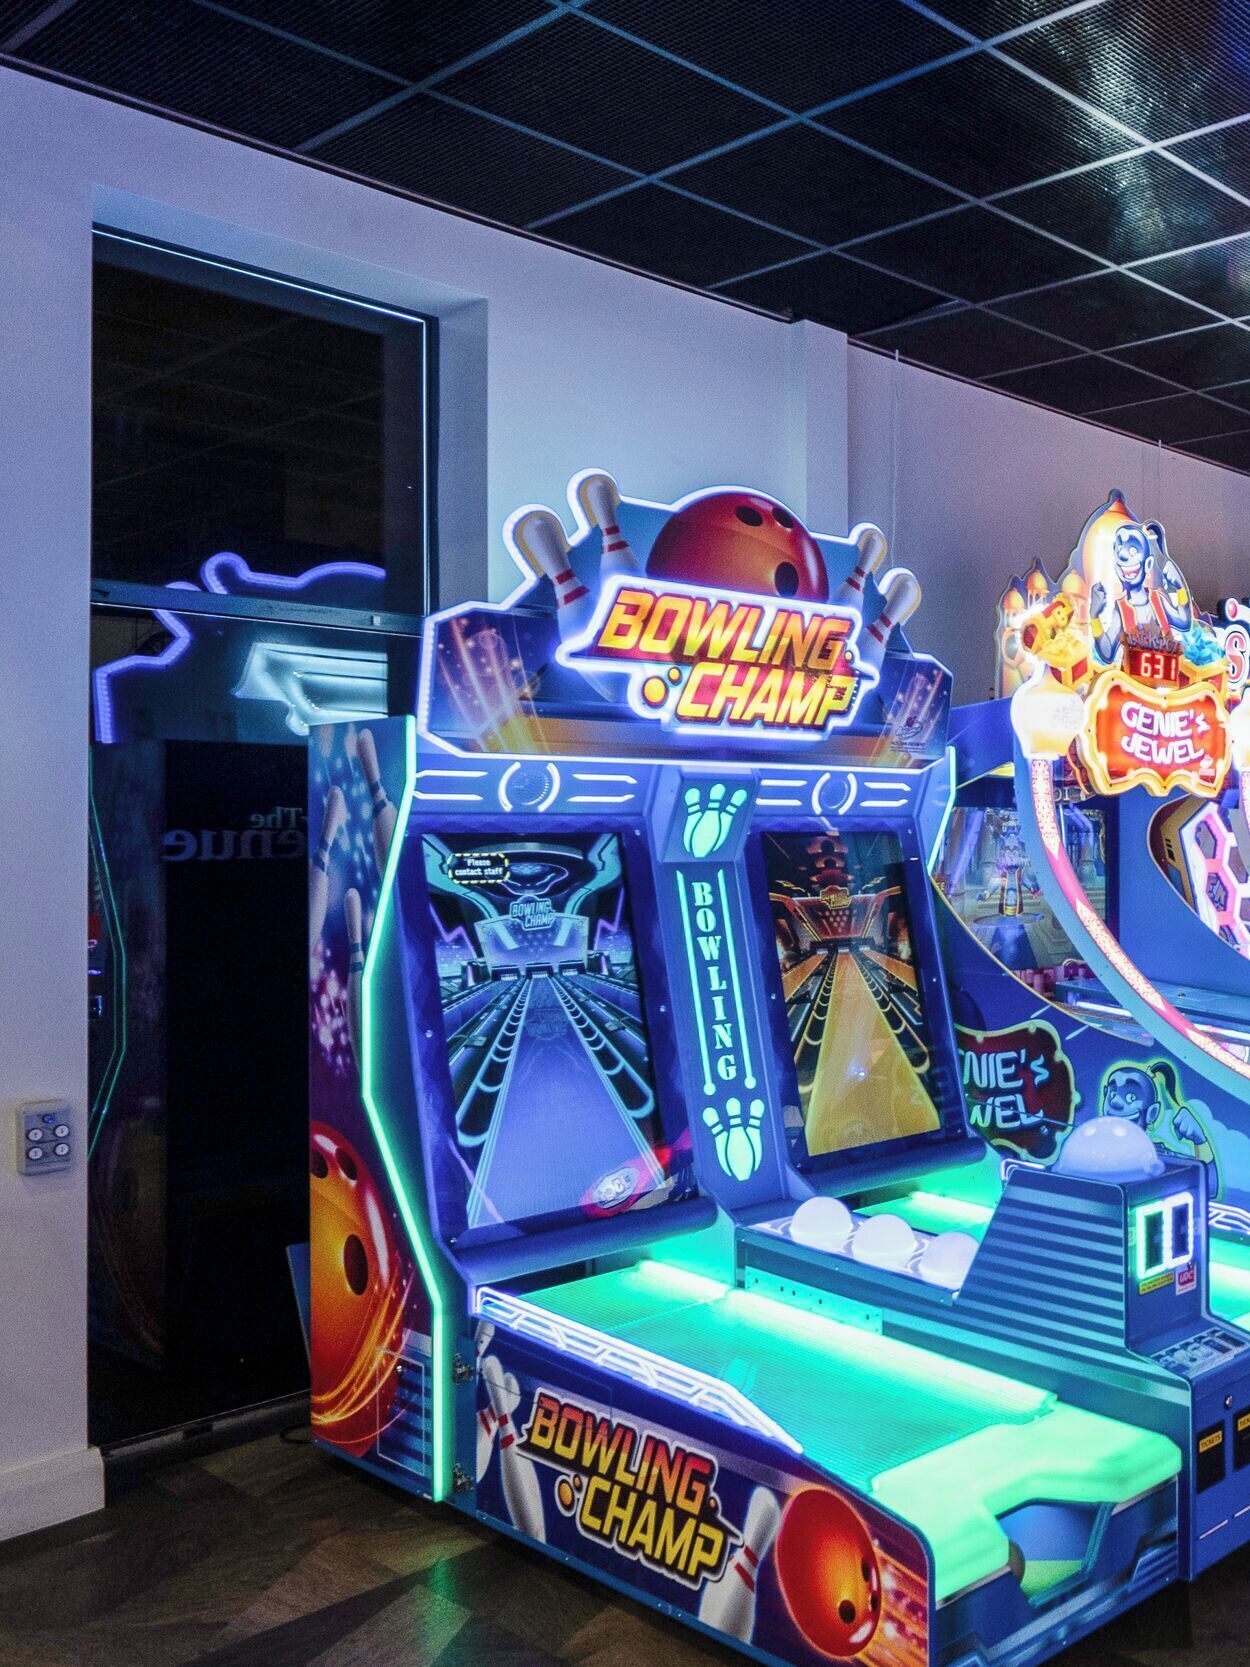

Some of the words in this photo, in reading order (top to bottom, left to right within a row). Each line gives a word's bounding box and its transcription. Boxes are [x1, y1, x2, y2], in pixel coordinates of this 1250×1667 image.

[597, 588, 854, 672] BOWLING
[1141, 652, 1176, 680] 631
[675, 661, 857, 725] CHAMP
[1120, 732, 1205, 765] JEWEL
[455, 867, 482, 876] contact
[484, 866, 504, 876] staff
[511, 901, 551, 918] BOWLING
[524, 913, 555, 928] CHAMP
[690, 881, 737, 1081] BOWLING
[529, 1391, 712, 1516] BOWLING
[1200, 1434, 1221, 1449] TICKETS
[579, 1474, 725, 1577] CHAMP
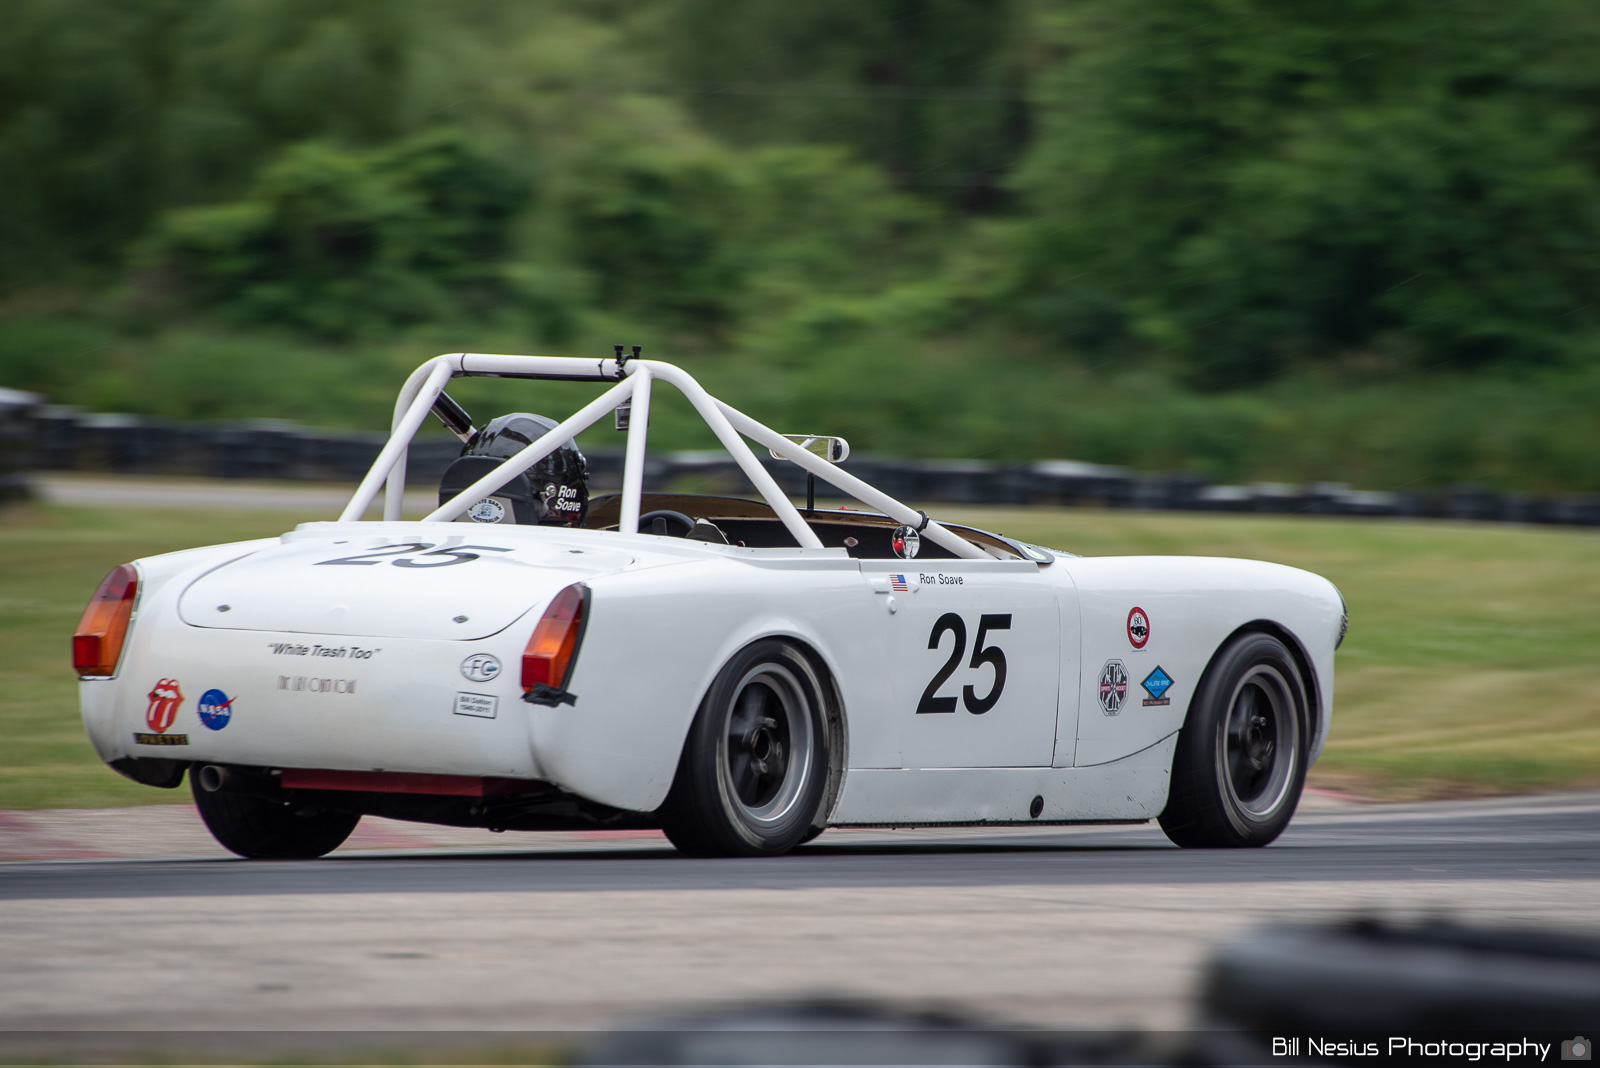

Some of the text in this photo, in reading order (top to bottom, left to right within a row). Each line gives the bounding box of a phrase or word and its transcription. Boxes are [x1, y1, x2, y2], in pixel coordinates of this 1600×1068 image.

[558, 485, 577, 498] Ron
[555, 498, 581, 512] Soave
[312, 542, 516, 568] 25
[919, 573, 964, 585] Ron Soave
[311, 644, 347, 658] Trash
[915, 612, 1013, 715] 25
[199, 703, 231, 717] NASA
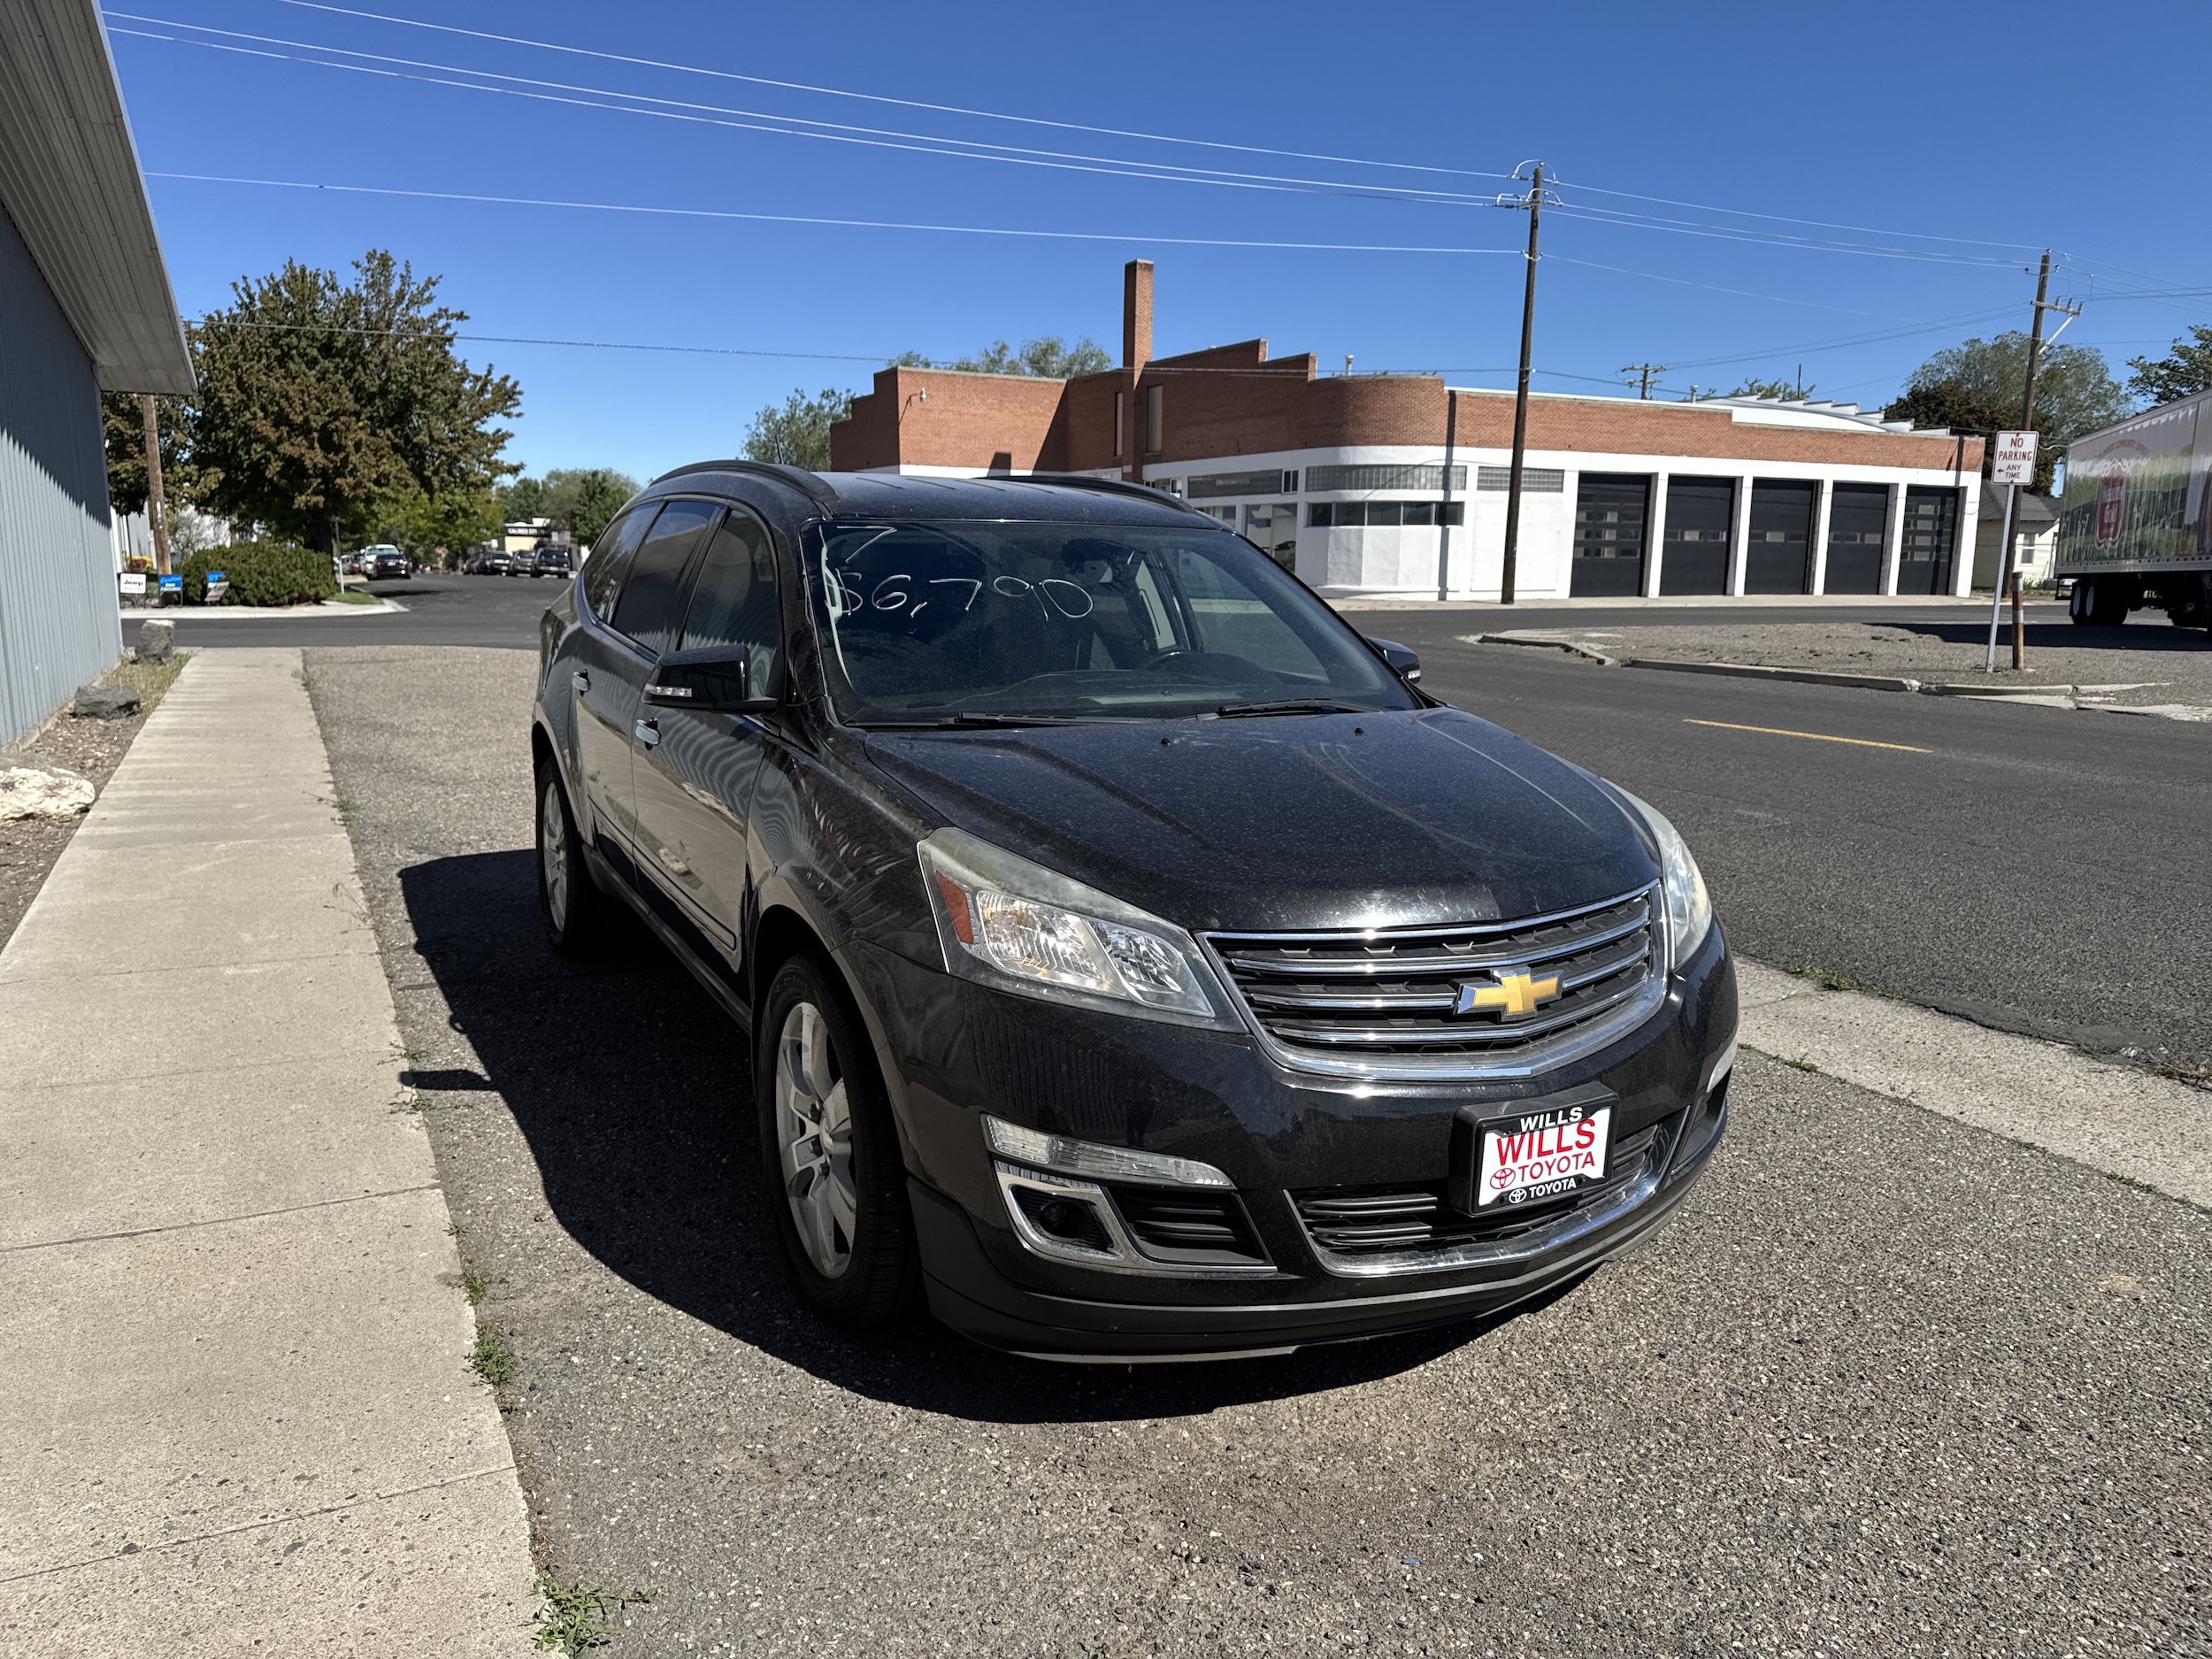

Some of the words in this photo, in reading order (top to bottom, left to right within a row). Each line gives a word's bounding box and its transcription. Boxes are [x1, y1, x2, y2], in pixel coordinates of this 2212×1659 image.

[2009, 437, 2024, 448] NO
[1998, 450, 2032, 461] PARKING
[1520, 1107, 1583, 1132] WILLS
[1497, 1118, 1596, 1166] WILLS
[1518, 1151, 1595, 1182] TOYOTA
[1529, 1177, 1577, 1198] TOYOTA

== EXERCISE DESCRIPTION ==
Before duplicating the entries above, strip out the pictures and keep the rest exact.

== RESPONSE FOR THIS EXERCISE ==
Some of the words in this photo, in reading order (top to bottom, left to right within a row). Each line gives a word's bounding box and its transcription. Boxes are [x1, y1, x2, y2], in pixel coordinates of this 1250×1667 image.

[597, 588, 854, 672] BOWLING
[1141, 652, 1176, 680] 631
[675, 661, 857, 725] CHAMP
[1120, 732, 1205, 765] JEWEL
[455, 867, 482, 876] contact
[484, 866, 504, 876] staff
[511, 901, 551, 918] BOWLING
[524, 913, 555, 928] CHAMP
[690, 881, 737, 1081] BOWLING
[529, 1391, 712, 1516] BOWLING
[1200, 1434, 1221, 1449] TICKETS
[579, 1474, 725, 1577] CHAMP

Some of the text in this photo, in reading order (top to bottom, left to right within a row). Each line gives the bounding box of a phrase or word and its transcription. Boxes are [x1, y1, x2, y2], in pixel coordinates of this 1600×1068 image.

[558, 485, 577, 498] Ron
[555, 498, 581, 512] Soave
[312, 542, 516, 568] 25
[919, 573, 964, 585] Ron Soave
[311, 644, 347, 658] Trash
[915, 612, 1013, 715] 25
[199, 703, 231, 717] NASA

Some of the words in this photo, in reading order (top to bottom, left to right within a row). Each line gives a word's bounding box and its transcription. Boxes are [x1, y1, x2, y2], in pixel coordinates of this 2212×1659 image.

[2009, 437, 2024, 448] NO
[1998, 450, 2032, 461] PARKING
[1520, 1107, 1583, 1132] WILLS
[1497, 1118, 1596, 1166] WILLS
[1518, 1151, 1595, 1182] TOYOTA
[1529, 1177, 1577, 1198] TOYOTA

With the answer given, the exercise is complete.